10 Nerve regeneration induction tube 11 Scaffolding material 200 Nerve cell 201 Axle 210 Schwann cell 211 Schwann cell A Adjacent one tubular body B Adjacent other tubular body C connecting layer

Claims

A tubular molded body for medical instruments having a plurality of tubular bodies and a connecting layer connecting the tubular bodies.
The molded body according to claim 1, wherein the distance between adjacent tubular bodies is 1 mm or less.
The molded product according to claim 1 or 2, wherein the length of the tubular body in the direction along the long axis direction of the molded product is 1.0 mm to 10 mm.
The molded product according to any one of claims 1 to 3, wherein the tubular body and the connecting layer are in contact with each other, and the connecting layer is arranged outside the tubular body.
The molded product according to any one of claims 1 to 3, wherein the tubular body and the connecting layer are in contact with each other, and the connecting layer is arranged inside the tubular body.
The tubular body and the connecting layer are in contact with each other, and the connecting layer is arranged inside one of the adjacent tubular bodies (cylindrical body A) and the other tubular body (cylindrical body). The molded body according to any one of claims 1 to 3, which is arranged outside the body B).
The molded product according to any one of claims 1 to 6, wherein the tubular body has a Young's modulus of 6.3 MPa or more and the connecting layer has a Young's modulus of less than 6.3 MPa.
The connecting layer contains a polyester copolymer having a hydroxycarboxylic acid residue and a lactone residue as main constituent units.
The molded article according to any one of claims 1 to 7, wherein the polyester copolymer satisfies the following conditions (A) and (B).
Condition (A) R value is 0.45 or more and 0.99 or less;
R value = [AB] / (2 [A] [B]) x 100
[A]: Mole fraction (%) of hydroxycarboxylic acid residues in the polyester copolymer
[B]: Mole fraction (%) of lactone residue in polyester copolymer
[AB]: Mole fraction (%) of the structure (AB, and BA) in which the hydroxycarboxylic acid residue and the lactone residue are adjacent to each other in the polyester copolymer.
Condition (B) The crystallization rate of at least one of the hydroxycarboxylic acid residue and the lactone residue is less than 14%.
The link layer contains a dilactide / ε-caprolactone copolymer
The molded product according to any one of claims 1 to 8, wherein the dilactide / ε-caprolactone copolymer satisfies the following conditions (C) and (D).
Condition (C) R value is 0.45 or more and 0.99 or less;
R value = [AB] / (2 [A] [B]) x 100
[A]: Mole fraction (%) of dilactide residues in the dilactide / ε-caprolactone copolymer
[B]: Mole fraction (%) of ε-caprolactone residue in dilactide / ε-caprolactone copolymer
[AB]: Mole fraction (%) of the structure (AB and BA) in which the dilactide residue and the ε-caprolactone residue are adjacent to each other in the dilactide / ε-caprolactone copolymer.

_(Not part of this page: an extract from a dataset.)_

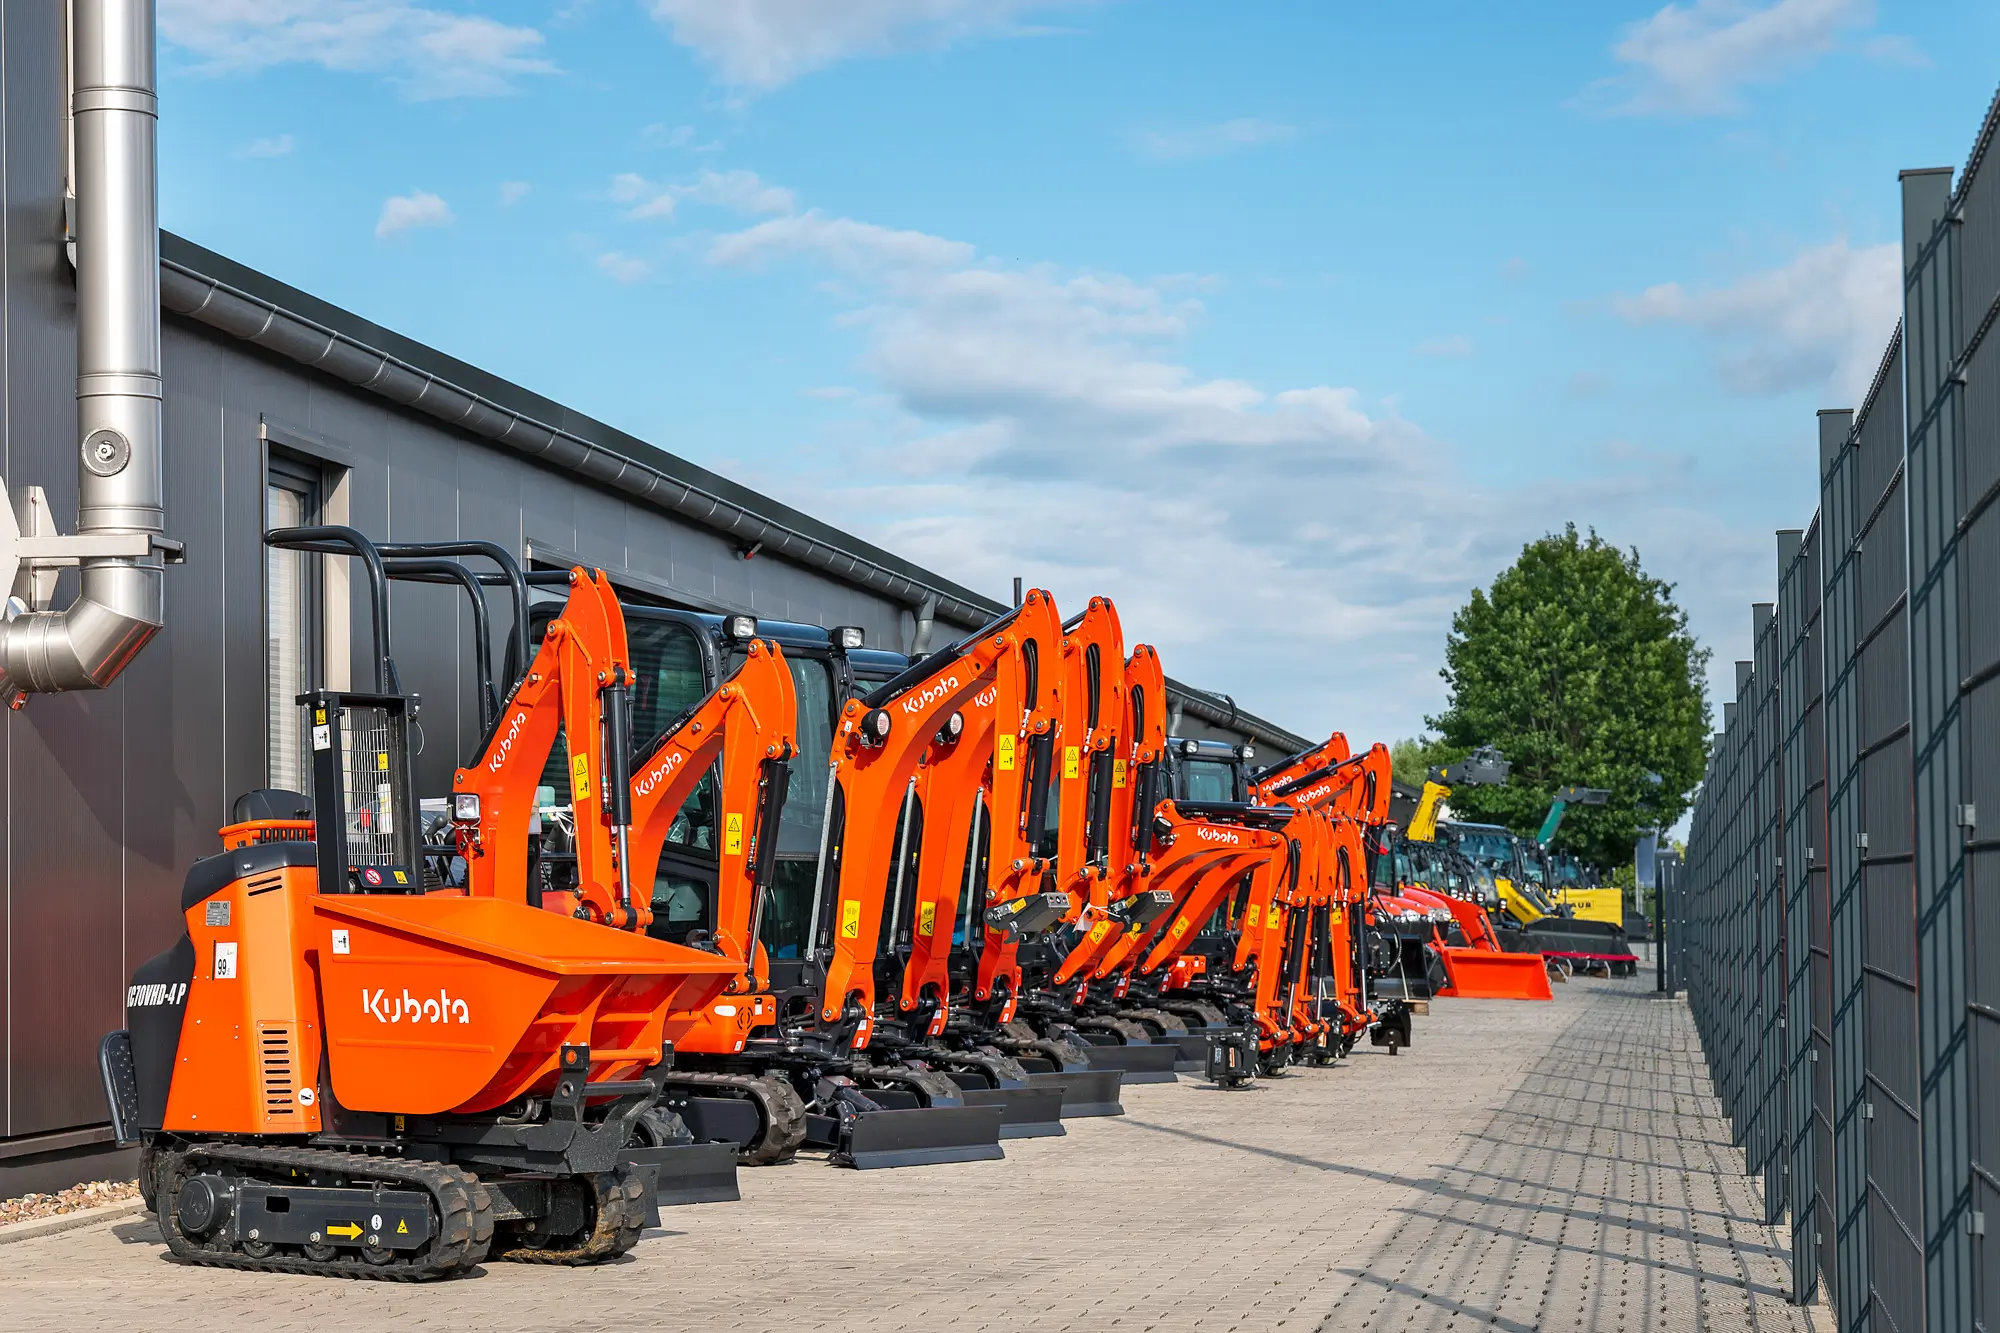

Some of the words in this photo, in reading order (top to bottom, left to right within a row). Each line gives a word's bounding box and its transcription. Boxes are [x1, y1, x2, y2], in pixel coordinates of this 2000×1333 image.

Condition (D) At least one of the dilactide residue and the ε-caprolactone residue has a crystallization rate of less than 14%.
The molded product according to any one of claims 1 to 9, wherein the tubular body contains a bioabsorbable polyester.
A medical device containing the molded product according to any one of claims 1 to 10.
A nerve regeneration induction tube containing the molded product according to any one of claims 1 to 10.